Le préfet de l’Aisne justifie cette mesure par le lien entre la consommation d’alcool et les violences intra-familiales, exacerbées en période de confinement, comme le rapporte la presse.

L’arrêté du 23 mars 2020 a été abrogé par le préfet peu de temps après sa publication. Après consultation avec des professionnels en addictologie, selon lesquels, une telle mesure, même temporaire, aurait des conséquences défavorables.

La promulgation de l’arrêté préfectoral n’impose pas une nouvelle « prohibition ». Au-delà de l’interdiction de vente, les lois prohibitionnistes, notamment américaines, interdisaient aussi la fabrication et la circulation de boissons alcoolisées [pour plus de précisions sur la prohibition aux États-Unis, voir notamment l’ouvrage d’Arnaud Coutant, Prohibitions, Mare et Martin, Paris, 2018].

Or l’arrêté ne prétend mettre fin qu’à la vente de boissons alcoolisées, alors que la circulation, la fabrication et surtout, la consommation de ces dernières ne sont pas affectées par les mesures du préfet de l’Aisne.
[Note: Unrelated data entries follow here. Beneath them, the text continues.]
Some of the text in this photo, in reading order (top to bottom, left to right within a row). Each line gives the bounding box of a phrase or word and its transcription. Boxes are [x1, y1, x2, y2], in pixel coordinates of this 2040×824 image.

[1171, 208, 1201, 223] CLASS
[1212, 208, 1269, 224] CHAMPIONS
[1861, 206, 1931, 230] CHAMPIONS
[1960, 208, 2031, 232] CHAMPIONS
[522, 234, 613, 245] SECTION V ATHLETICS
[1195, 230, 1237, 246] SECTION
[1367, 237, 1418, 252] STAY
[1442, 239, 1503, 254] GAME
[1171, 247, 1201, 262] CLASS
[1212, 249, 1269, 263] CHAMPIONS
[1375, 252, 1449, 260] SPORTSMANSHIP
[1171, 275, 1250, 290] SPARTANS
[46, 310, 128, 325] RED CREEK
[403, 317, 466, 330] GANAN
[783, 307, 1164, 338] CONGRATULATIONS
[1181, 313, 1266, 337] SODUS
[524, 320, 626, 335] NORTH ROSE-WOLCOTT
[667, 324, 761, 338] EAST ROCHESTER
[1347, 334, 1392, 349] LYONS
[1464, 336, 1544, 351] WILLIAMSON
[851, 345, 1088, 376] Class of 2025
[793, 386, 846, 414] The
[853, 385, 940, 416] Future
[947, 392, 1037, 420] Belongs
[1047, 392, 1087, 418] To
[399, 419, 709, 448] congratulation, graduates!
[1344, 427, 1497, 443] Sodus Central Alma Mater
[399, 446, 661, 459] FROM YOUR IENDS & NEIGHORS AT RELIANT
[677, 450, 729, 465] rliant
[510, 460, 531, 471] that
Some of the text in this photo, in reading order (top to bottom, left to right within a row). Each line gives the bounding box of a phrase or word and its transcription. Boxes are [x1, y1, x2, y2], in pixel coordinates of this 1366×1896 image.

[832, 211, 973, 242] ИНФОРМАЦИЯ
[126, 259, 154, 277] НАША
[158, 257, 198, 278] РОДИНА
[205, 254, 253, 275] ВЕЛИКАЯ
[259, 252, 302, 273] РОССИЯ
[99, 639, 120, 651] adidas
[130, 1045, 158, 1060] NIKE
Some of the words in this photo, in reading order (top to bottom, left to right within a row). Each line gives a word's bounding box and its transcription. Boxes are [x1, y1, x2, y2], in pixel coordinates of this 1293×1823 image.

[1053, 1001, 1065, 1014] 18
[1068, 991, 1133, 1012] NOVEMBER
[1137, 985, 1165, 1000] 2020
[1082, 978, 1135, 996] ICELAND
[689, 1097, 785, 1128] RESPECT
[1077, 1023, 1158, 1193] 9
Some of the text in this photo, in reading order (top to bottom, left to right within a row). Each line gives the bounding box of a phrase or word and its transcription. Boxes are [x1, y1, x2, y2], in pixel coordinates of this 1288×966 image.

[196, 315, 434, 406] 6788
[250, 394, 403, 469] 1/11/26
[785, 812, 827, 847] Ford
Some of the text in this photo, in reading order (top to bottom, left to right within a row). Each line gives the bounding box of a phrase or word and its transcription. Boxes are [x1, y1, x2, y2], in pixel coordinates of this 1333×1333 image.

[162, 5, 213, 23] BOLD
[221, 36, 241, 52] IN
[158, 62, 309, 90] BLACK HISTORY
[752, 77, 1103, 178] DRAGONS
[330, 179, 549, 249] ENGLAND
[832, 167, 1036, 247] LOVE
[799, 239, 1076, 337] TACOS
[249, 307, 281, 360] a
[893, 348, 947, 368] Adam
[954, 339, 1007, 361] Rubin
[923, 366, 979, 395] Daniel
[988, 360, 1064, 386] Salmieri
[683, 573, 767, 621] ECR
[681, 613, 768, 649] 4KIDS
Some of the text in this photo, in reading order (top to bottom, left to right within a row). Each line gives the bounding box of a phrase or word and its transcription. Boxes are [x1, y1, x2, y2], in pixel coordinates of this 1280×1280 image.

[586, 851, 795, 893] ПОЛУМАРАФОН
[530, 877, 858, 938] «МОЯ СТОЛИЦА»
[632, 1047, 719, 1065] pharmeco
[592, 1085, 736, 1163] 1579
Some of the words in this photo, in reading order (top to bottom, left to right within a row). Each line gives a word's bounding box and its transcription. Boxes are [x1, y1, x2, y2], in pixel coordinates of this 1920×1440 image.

De plus, la disposition a été engagée pour la période de confinement, dans des circonstances exceptionnelles de restriction de circulation, alors qu’un Rapport de la Cour des Comptes, rendu en juin 2016, met en avant que « à partir d’un échantillon de 146 morts violentes au sein du couple, […] la présence d’alcool dans le sang a été constatée dans plus de 30 % des affaires » [voir notamment : pp.38-39].
Les motivations de l’arrêté semblent s’éloigner significativement de la volonté prohibitionniste de transformer l’ensemble de la société.

Le lien entre les violences intra-familiales et la consommation d’alcool est un sujet en discussion puisque la députée de la 8ème circonscription de Loire-Atlantique adresse, le 1er octobre 2019, une question au gouvernement sur « l’absence d’évaluation du contexte alcoolique dans la lutte contre les violences faites aux femmes ».
La réponse du Gouvernement est publiée au JO du 3 mars 2020 et indique qu’une mise en œuvre, entre autres, « des mesures visant à favoriser la prise en charge addictologique chez les auteurs de violence lorsqu’une dépendance ou un abus a été établi » s’échelonnera de 2020 à 2022, dans le cadre du Grenelle contre les violences conjugales.

Bien que l’arrêté ne mette pas en place une prohibition locale, il ouvre toutefois le débat de la régulation des boissons alcoolisées dans l’ère post-Covid-19.